Importing NLP model packages and general packages

In [1]:
import os
import pandas as pd
import numpy as np
from math import isclose

import nltk
nltk.download('punkt')
nltk.download('stopwords')
import string
from nltk.corpus import stopwords
from nltk.stem import PorterStemmer
from nltk.tokenize import word_tokenize
from sentence_transformers import SentenceTransformer

from sklearn.preprocessing import normalize

[nltk_data] Downloading package punkt to
[nltk_data]     C:\Users\GEOFF\AppData\Roaming\nltk_data...
[nltk_data]   Package punkt is already up-to-date!
[nltk_data] Downloading package stopwords to
[nltk_data]     C:\Users\GEOFF\AppData\Roaming\nltk_data...
[nltk_data]   Package stopwords is already up-to-date!

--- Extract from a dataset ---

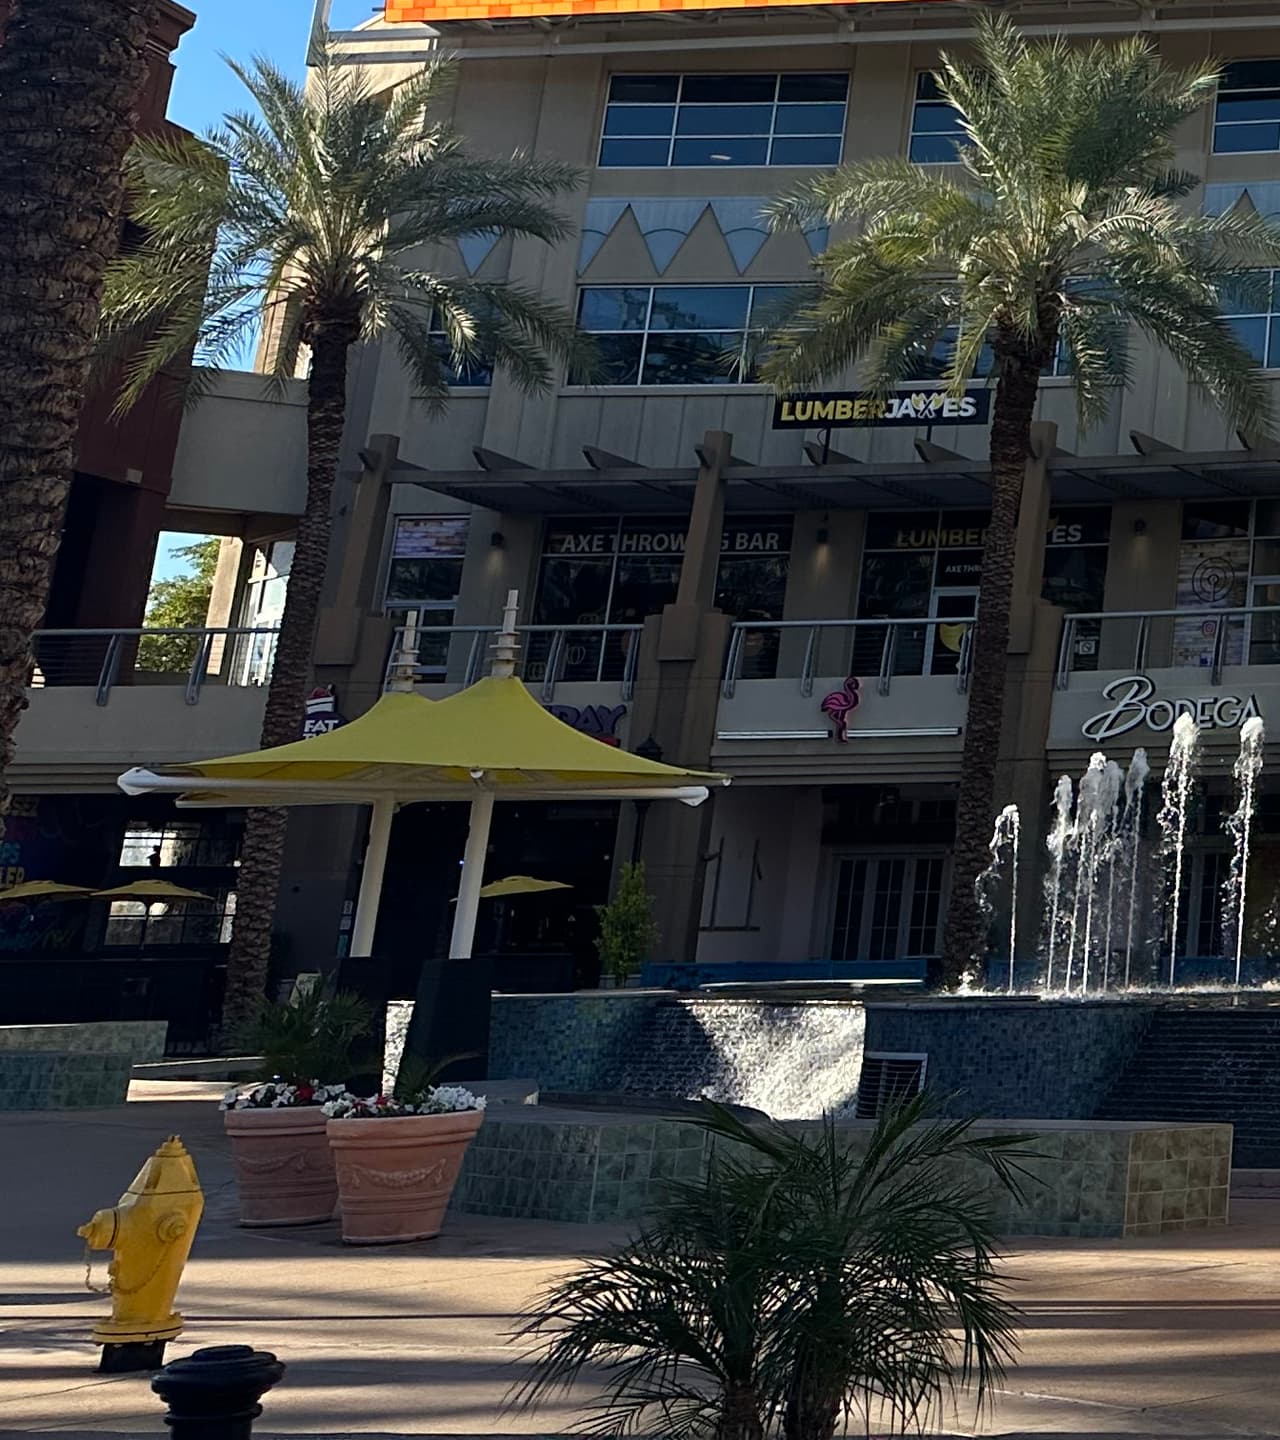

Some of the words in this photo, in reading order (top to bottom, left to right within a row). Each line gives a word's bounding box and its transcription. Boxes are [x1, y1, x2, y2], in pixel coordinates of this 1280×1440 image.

[560, 533, 605, 552] AXE
[735, 532, 779, 551] BAR
[304, 720, 339, 733] FAT
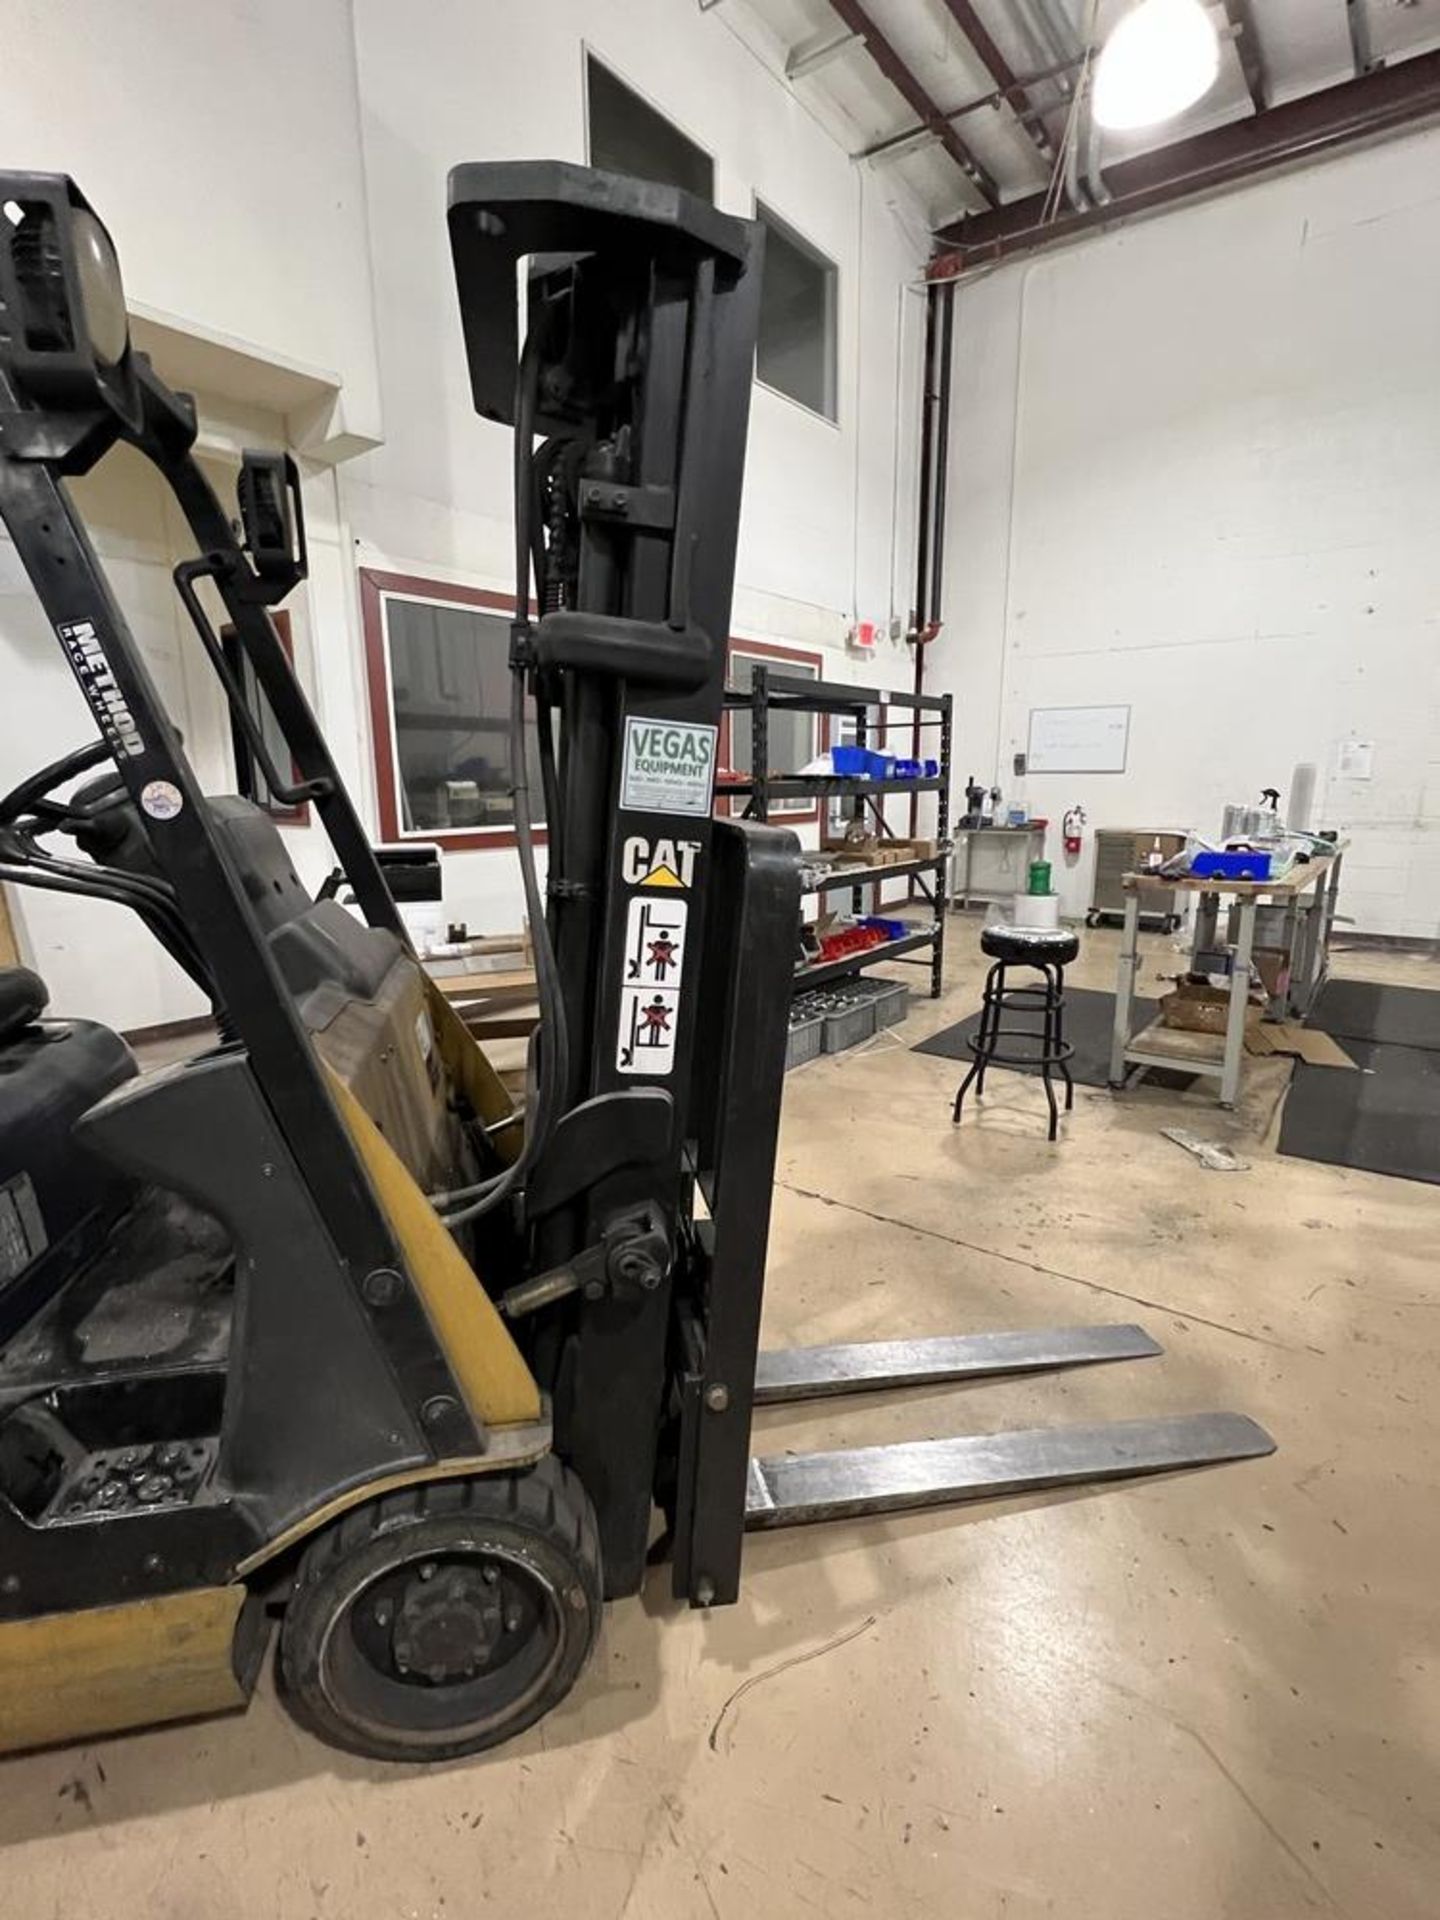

Setup your directory to that of the folder containing the project

In [2]:
dir = ''
os.chdir(dir)

Importing the raw data

In [3]:
## Import the raw data into a dataframe
data_path = "data/raw/"
dataframe = pd.read_csv(data_path + "potential-talents - Aspiring human resources - seeking human resources.csv")
print('\nData imported')
dataframe.drop_duplicates(inplace = True, subset = ['job_title', 'location', 'connection'])
dataframe.reset_index(drop = True, inplace = True)
## Remove a non informative feature
dataframe.drop(inplace = True, labels=['id'], axis = 1)
print('''Column 'id' and duplicate rows were removed''')
##

## Display basic information about the dataframe
types = [type(c) for c in dataframe.columns]
print('\nThe dataframe columns and their types are:\n', dict(zip(dataframe.columns, types)))
print(f"\nThe dataframe shape is {dataframe.shape}")
##


Data imported
Column 'id' and duplicate rows were removed

The dataframe columns and their types are:
 {'job_title': <class 'str'>, 'location': <class 'str'>, 'connection': <class 'str'>, 'fit': <class 'str'>}

The dataframe shape is (53, 4)


Pre-processing of the job_title and location strings

In [4]:
# All the job titles, locations and number of connections will be pre-processed before encoding
jobs = list(dataframe['job_title'])
locations = list(dataframe['location'])
connections = list(dataframe['connection'])
processed_jobs = []
processed_locations = []
processed_connections = np.zeros(len(connections))

def process_string(txt):
    '''
    Process the words in an input string:
        - Tokenizes the words in the string
        - Removes stopwords, numbers and punctuation
        - Performs stemming
    
    Arguments:
        txt: String, for example "human resources"
    
    Returns:
        processed: String, for example "human resourc"
    '''
    words = [] # Will contain the words in the txt string
    stemmer = PorterStemmer()
    stopwords_english = stopwords.words('english')
    
    # Next, tokenize the words
    tokens = word_tokenize(txt)
    tokens = [i.strip().lower() for i in tokens]
    #

    # Remove stop words from the list and stems
    for word in tokens:
        if word == 'hr':
            words.append('human'); words.append('resourc')
        elif (word not in stopwords_english and  # remove stopwords
                word not in string.punctuation and
                    len(word) > 1 and word.isalpha()):  # remove punctuation
                stem_word = stemmer.stem(word)  # stemming word
                words.append(stem_word)
    return ' '.join(words)

## Generate the processed inputs
for job in jobs:
    processed_jobs.append(process_string(job))
for loc in locations:
    processed_locations.append(process_string(loc))
for i, con in enumerate(connections):
    if con.strip() == '500+':
        processed_connections[i] = 1
    elif con.strip() == '0':
        processed_connections[i] = 0
    else:
        processed_connections[i] = np.log(int(con))/np.log(500)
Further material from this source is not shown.